Your goal: Only the pictures stay out; please return all the entries below exactly as written.

Material to process:
=-=-=

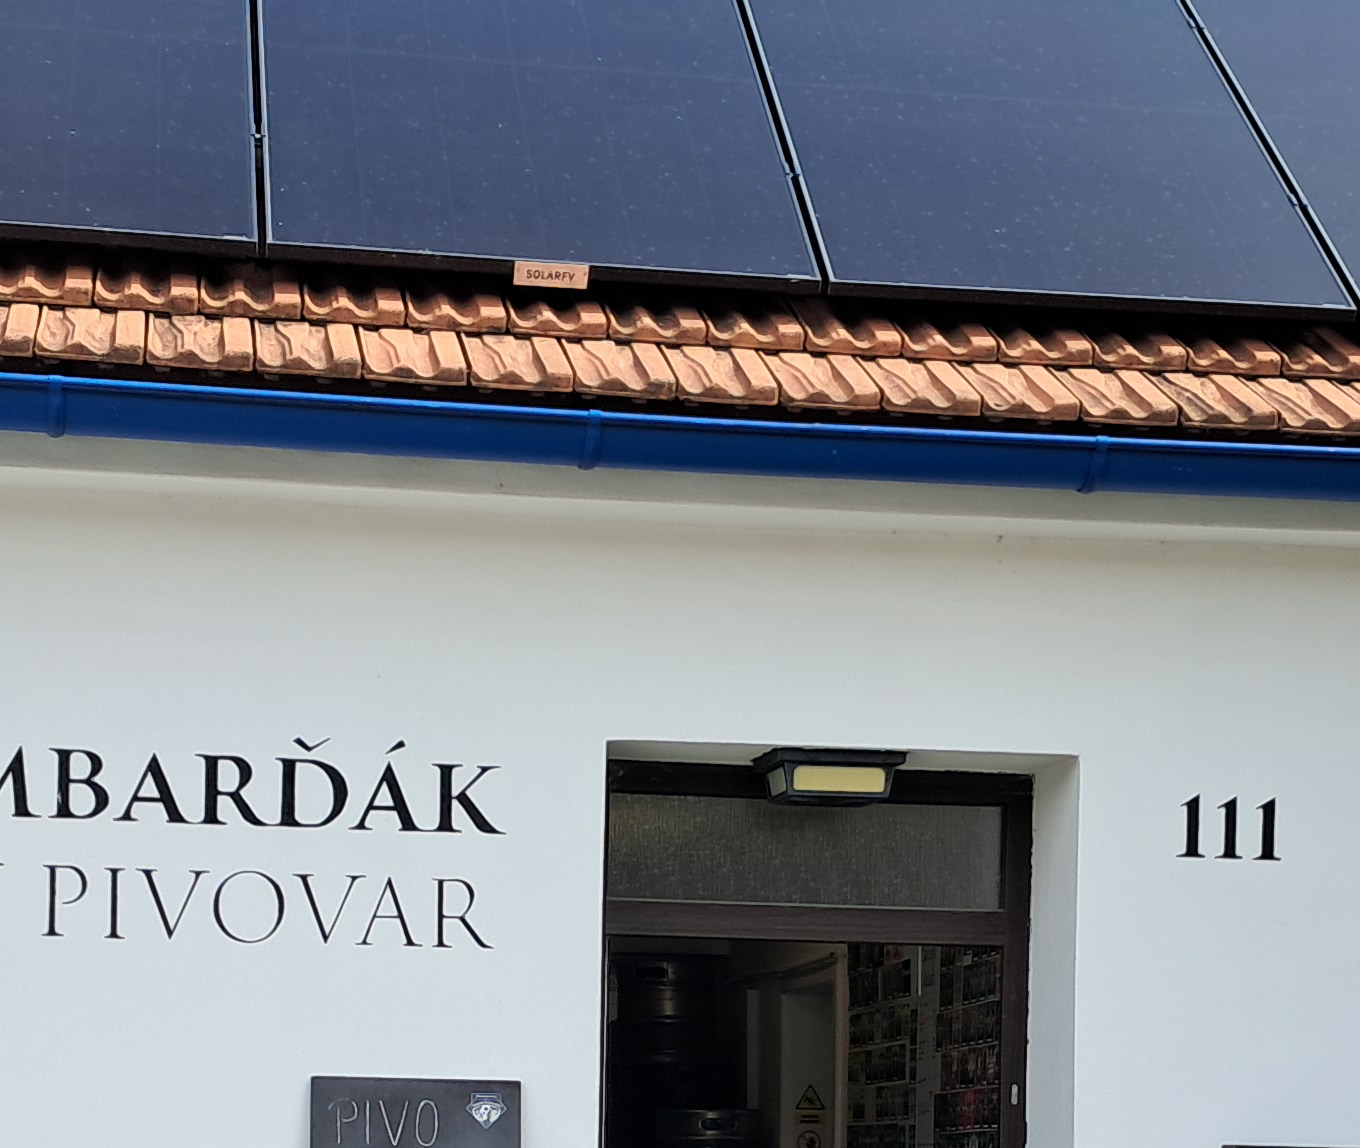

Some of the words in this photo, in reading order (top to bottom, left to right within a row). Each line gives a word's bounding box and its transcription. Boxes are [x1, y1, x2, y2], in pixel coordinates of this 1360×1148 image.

[1175, 793, 1282, 861] 111
[41, 863, 495, 950] PIVOVAR
[327, 1097, 439, 1147] PIVO
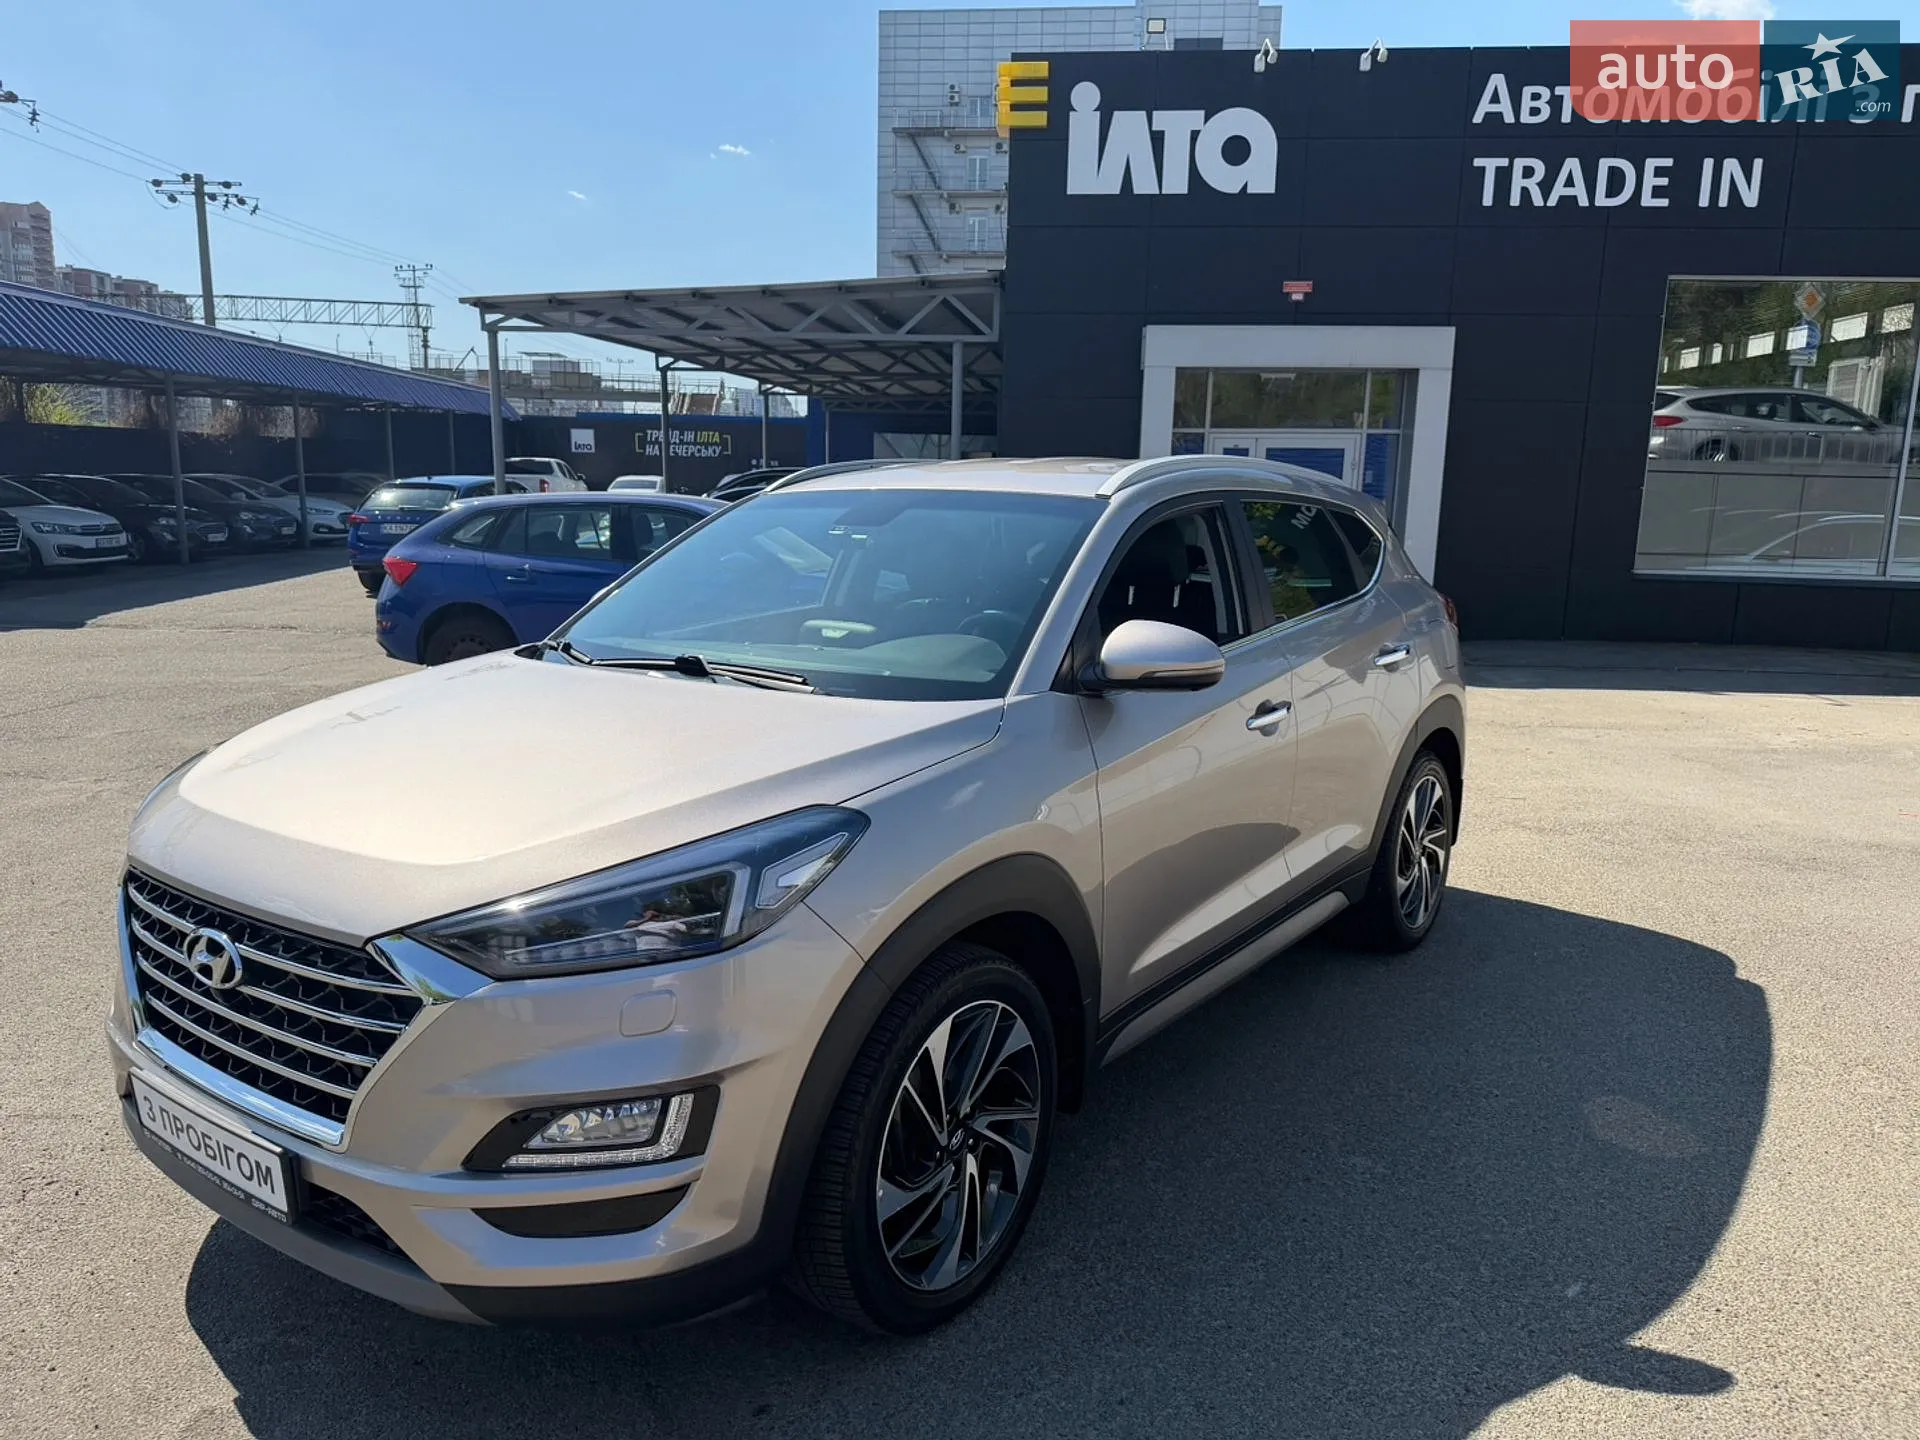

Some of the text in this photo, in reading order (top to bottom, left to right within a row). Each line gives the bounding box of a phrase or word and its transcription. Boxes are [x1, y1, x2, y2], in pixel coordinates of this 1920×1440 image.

=-=-=

Result for this task:
Some of the words in this photo, in reading order (top to bottom, left to right within a row). Each line gives a word's bounding box and its transcription. Boxes are [x1, y1, x2, y2], in pixel coordinates of this 1360×1148 image.

[1175, 793, 1282, 861] 111
[41, 863, 495, 950] PIVOVAR
[327, 1097, 439, 1147] PIVO

Some of the text in this photo, in reading order (top to bottom, left to right within a row). Each line gives the bounding box of a phrase or word and its transcription. Boxes are [x1, y1, x2, y2], in pixel coordinates of this 1920×1440 image.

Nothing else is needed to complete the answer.